=== DIRECTIONS FOR THIS TASK ===
Nothing but the exact text of the entries should appear in your answer; pictures stay out.
======== PROVIDED INFORMATION
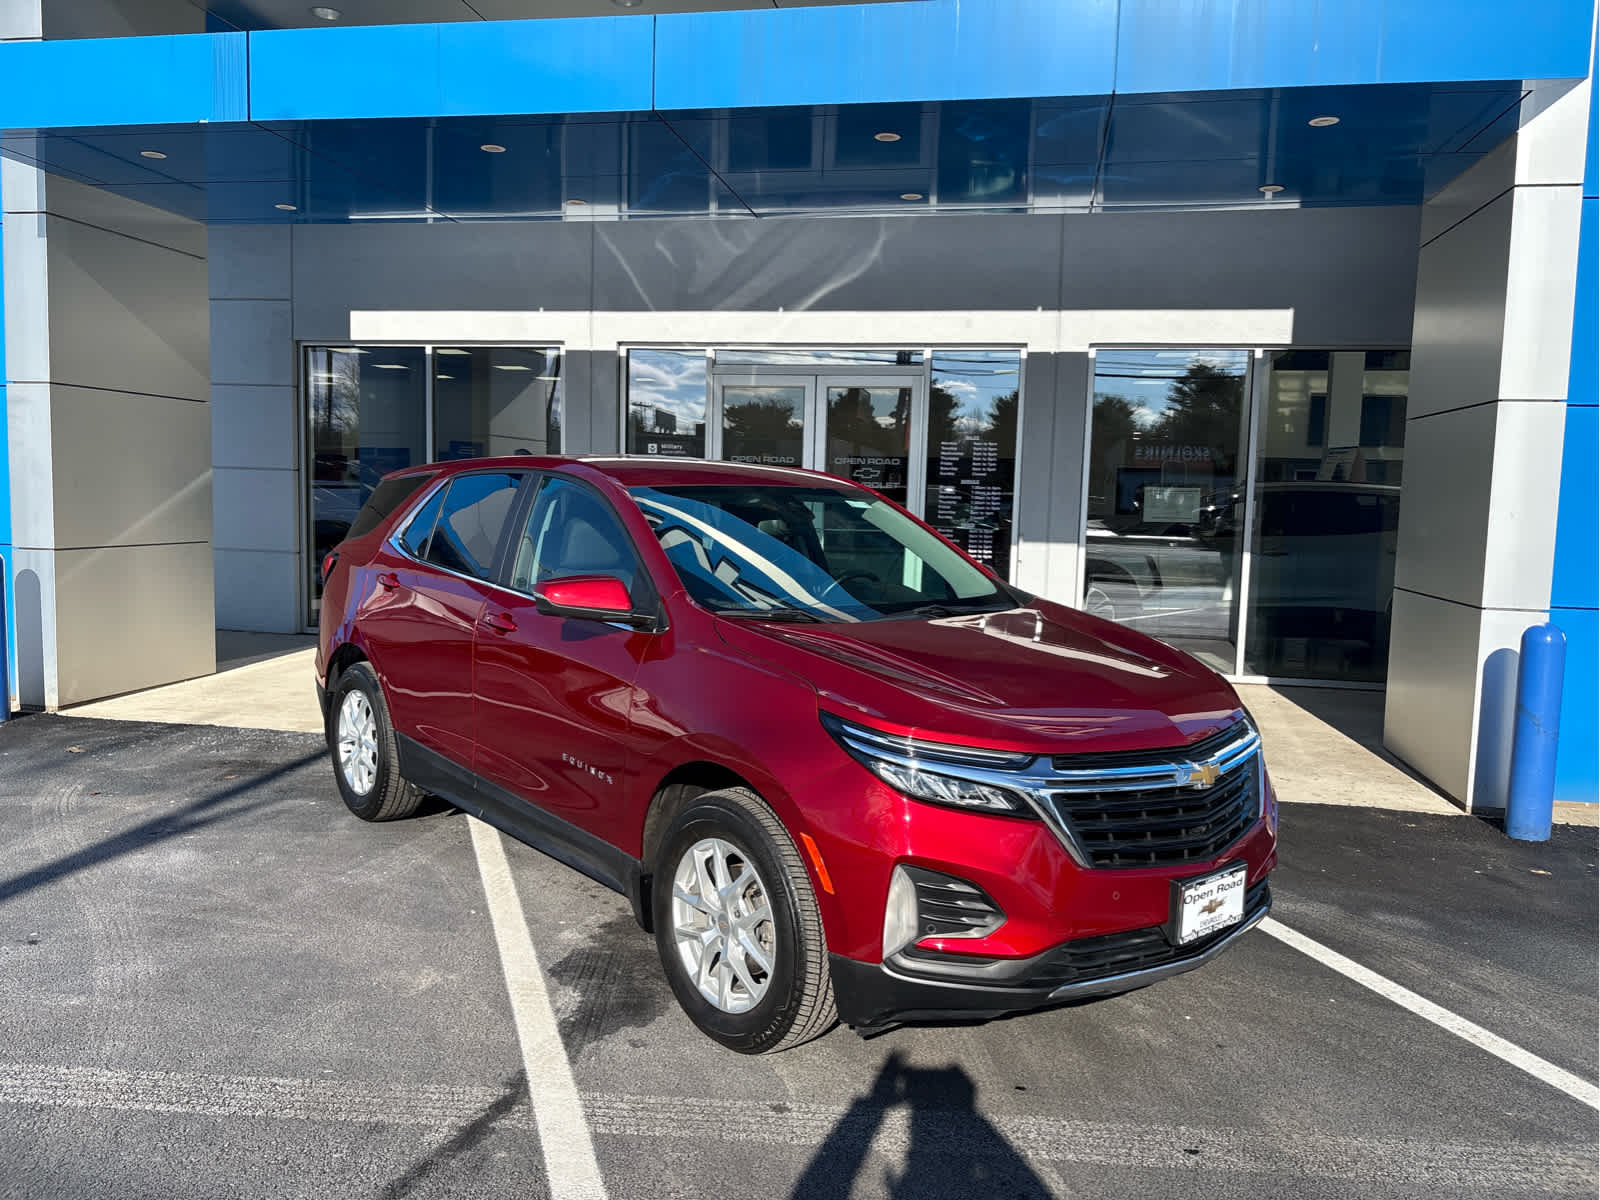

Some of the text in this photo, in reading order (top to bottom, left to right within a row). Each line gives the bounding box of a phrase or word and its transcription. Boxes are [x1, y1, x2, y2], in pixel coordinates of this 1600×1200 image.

[731, 455, 795, 464] OPEN ROAD
[834, 457, 868, 465] OPEN
[562, 752, 613, 785] EQUINOX
[1184, 875, 1243, 905] Open Road
================
=== EXPECTED ANSWER ===
Some of the text in this photo, in reading order (top to bottom, left to right within a row). Each line gives the bounding box of a phrase or word and its transcription. Boxes are [x1, y1, x2, y2], in pixel coordinates of this 1600×1200 image.

[731, 455, 795, 464] OPEN ROAD
[834, 457, 868, 465] OPEN
[562, 752, 613, 785] EQUINOX
[1184, 875, 1243, 905] Open Road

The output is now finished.